Suddenly, it's this trigger where you might've said, 'Oh, I can wait and make sure I got my act together.' But that's been the recommendation of a lot of these firms, 'Get your act together internally before you declare a breach.' Well this says you'd better do it in 72 hours. You've got to have good systems and practices in place ahead of the time or else you will be struggling to deal with all these ramifications.

Will the need to become GDPR compliant help move security and privacy practice forward for everybody, even beyond the EU?

If you process anybody's personal information anywhere in the world, you are covered by these rules and you can be fined as you do business here in the EU if you don't follow these regulations.

Southwell: I think it'll be a force for good for everybody. What's interesting is it puts a little more detail around some of the best practices that are out there today. The state of California has had online privacy laws since 2003, but they don't have all the painful enforcement fines associated with it. But what happens in the state of California or the U.S. is because they have this here, if you do violate it, you could be sued or someone could come in and create a collective bargaining and say, 'Now we're going to sue on your behalf.'

The GDPR is going to let that happen, so this will be the first time you could actually have collective lawsuits in the EU by groups of citizens who have had their records [exposed]. So in addition to the fines, they could be now subject to this. That's kind of been a U.S. phenomenon that the Europeans didn't really embrace before, but this is really the first time we're hearing that this would be another stick to make sure that you're following this compliance. I think it codifies a lot of what good practices has been done and I think there will be other countries outside the U.S. that will probably adopt similar things.

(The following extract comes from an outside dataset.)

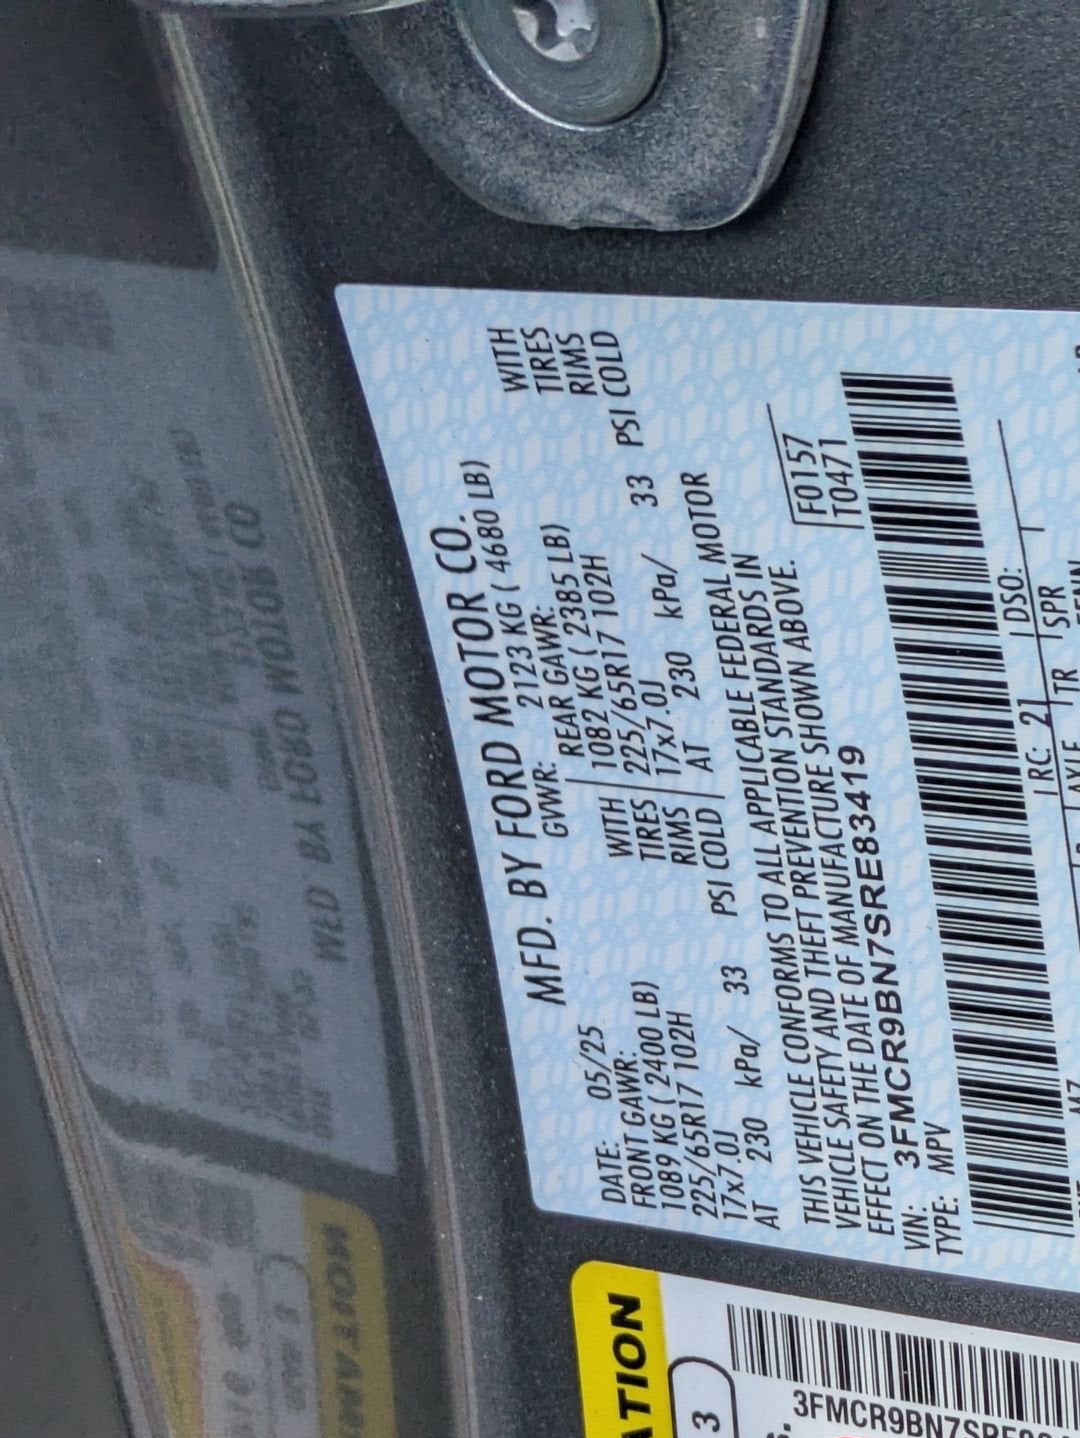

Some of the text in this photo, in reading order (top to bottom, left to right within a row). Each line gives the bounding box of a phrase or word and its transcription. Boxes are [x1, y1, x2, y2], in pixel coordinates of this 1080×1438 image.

What about within the U.S.?

Southwell: It depends on the political climate and the administrations. I think you'll see it being left to the states to decide for right now. And then there may be additional directives coming out of the current administration -- the Obama administration was starting to go down that path, but they didn't get really into putting in legislation to create something like this. I don't think there was any appetite to do that. I don't see that happening in the U.S. other than at the state level.

Microsoft announced in February it would be GDPR compliant in its cloud offerings by May 25, 2018, and AWS followed suit in April. How much of the GDPR compliance task for an average enterprise would be accomplished by going to the right vendors and saying 'Fix me up'?

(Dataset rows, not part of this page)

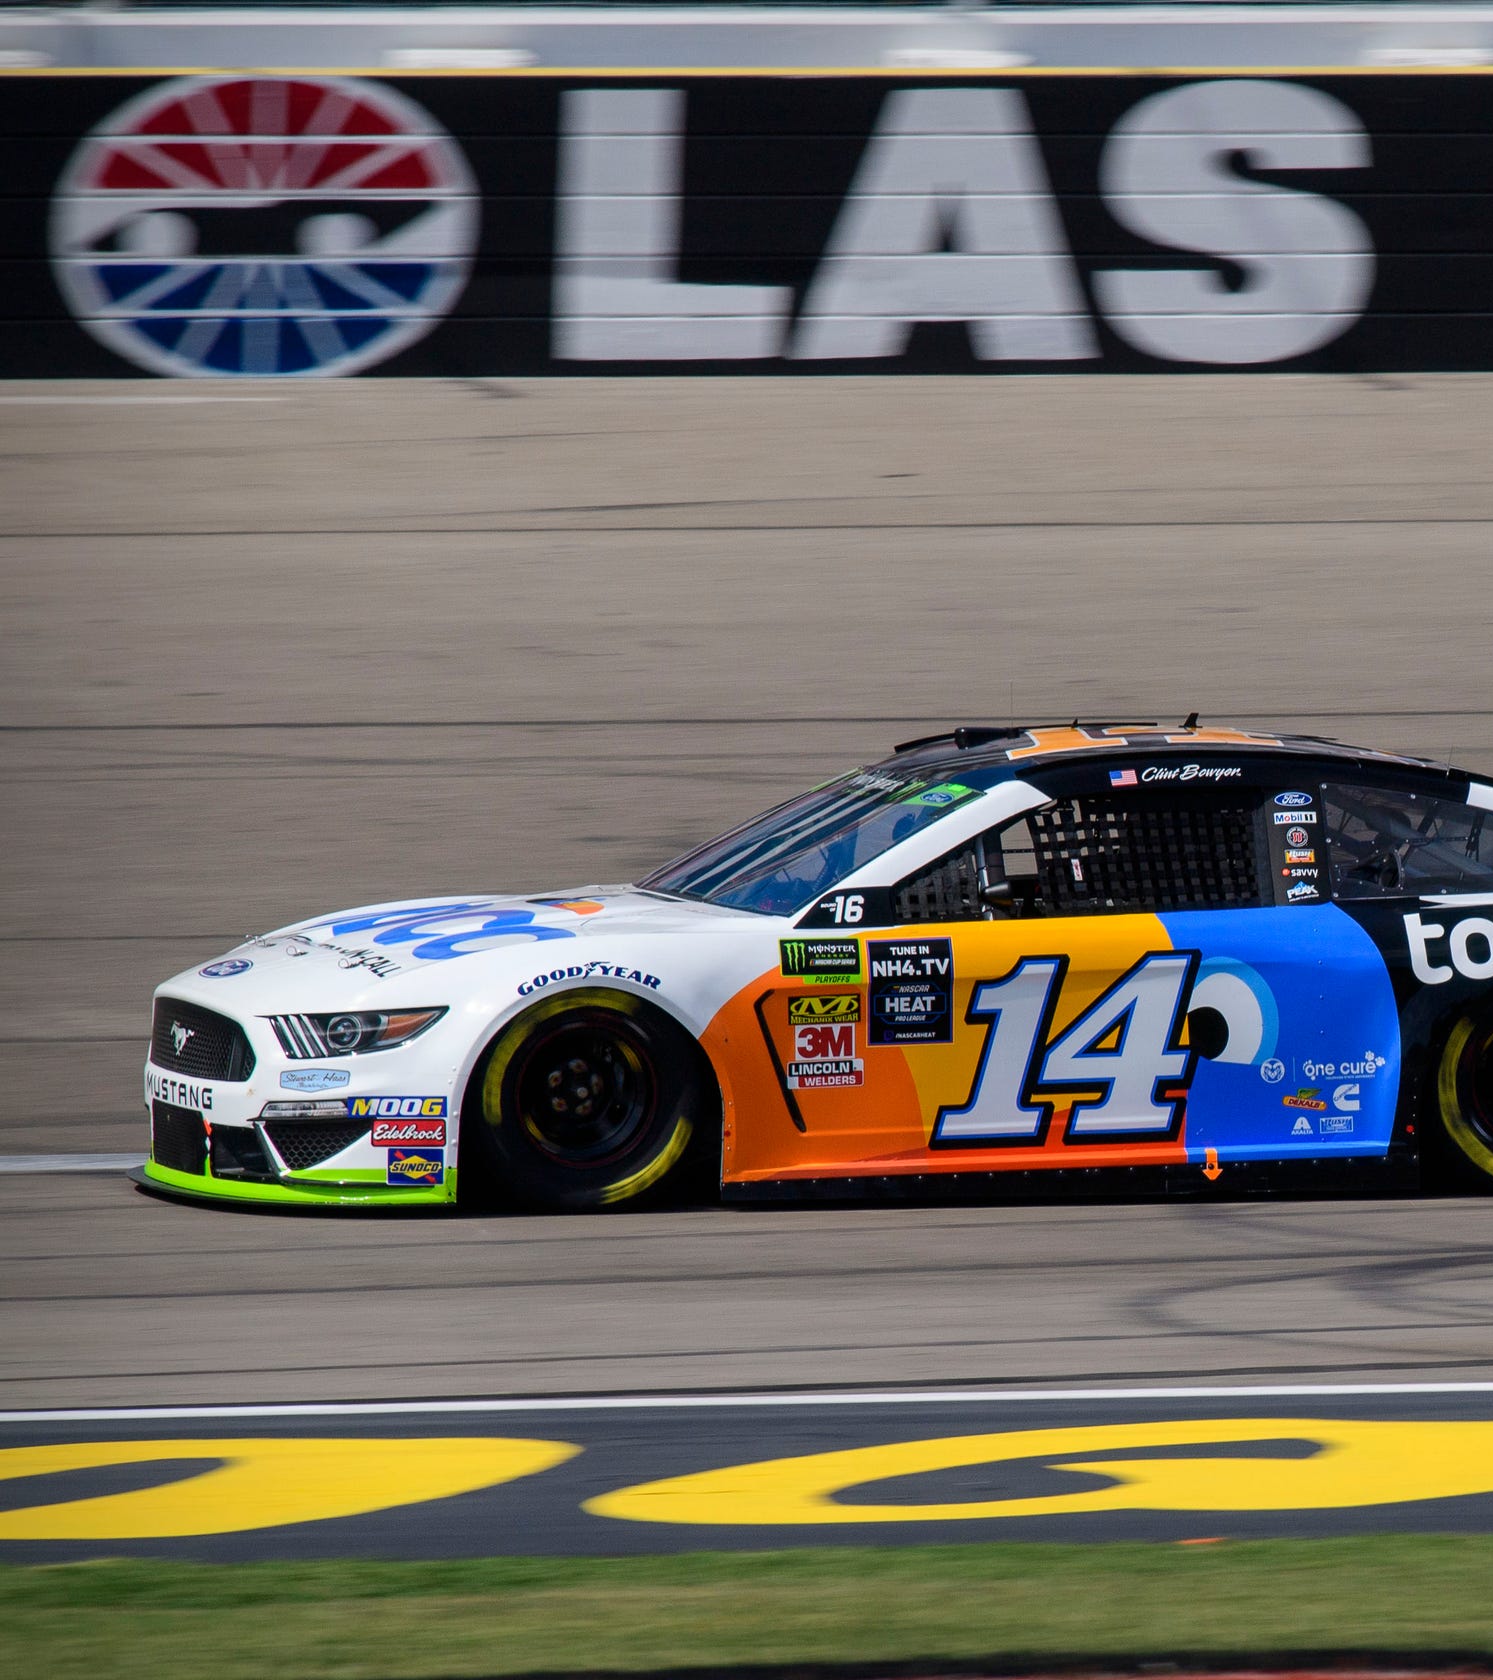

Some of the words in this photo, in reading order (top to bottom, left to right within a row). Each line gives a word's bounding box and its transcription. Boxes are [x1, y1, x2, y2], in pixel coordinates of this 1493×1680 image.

[552, 80, 1374, 364] LAS
[1141, 766, 1180, 782] Clint
[1275, 814, 1302, 823] Mobil
[1291, 868, 1319, 879] savvy
[1287, 885, 1319, 899] PEAK
[834, 895, 865, 924] 16
[808, 944, 856, 954] MONSTER
[889, 946, 917, 956] TUNE
[918, 945, 930, 955] IN
[872, 958, 949, 978] NH4.TV
[517, 961, 662, 996] GOODYEAR
[815, 975, 851, 983] PLAYOFFS
[899, 985, 930, 993] NASCAR
[885, 996, 936, 1013] HEAT
[790, 1015, 833, 1025] MECHANIX
[834, 1013, 859, 1022] WEAR
[797, 1026, 853, 1058] 3M
[928, 949, 1202, 1150] 14
[791, 1062, 850, 1076] LINCOLN
[1304, 1063, 1336, 1077] one
[1340, 1062, 1376, 1075] cure
[804, 1075, 856, 1087] WELDERS
[146, 1071, 213, 1110] MUSTANG
[351, 1098, 444, 1116] MOOG
[1288, 1098, 1321, 1109] DEKALB
[373, 1123, 444, 1140] Edelbrock
[391, 1161, 440, 1173] SUNOCO

Southwell: I think going to the right vendors, they can do a lot.

What [Microsoft] did say, which was very interesting, was that they're going to go through the GDPR compliance and they're going to offer up best practices. So we'll let you see what we've done to be compliant ourselves.

So I think that's probably the biggest benefit. People say here's what they had to go out and do, if they're really going to be open about how they did that, which would be great then. Now, other vendors are trying to help more in the, 'How do you protect your own data and how do you know when you have a breach and how do you verify?' Because it's not only do you have a breach, it's about which records were impacted, who are the people I have to notify, because that's where the fines start to go.

They say, 'If you don't have a good system in place, 2% of your turnover is ...' And if you've done a really bad job, 4% of your turnover, your revenue, could be fined, or 20 million euros, whatever is greater.

That gets alarming because those could be high fines, and 2% on a small company doesn't sound like a lot, but it could really impact their bottom line.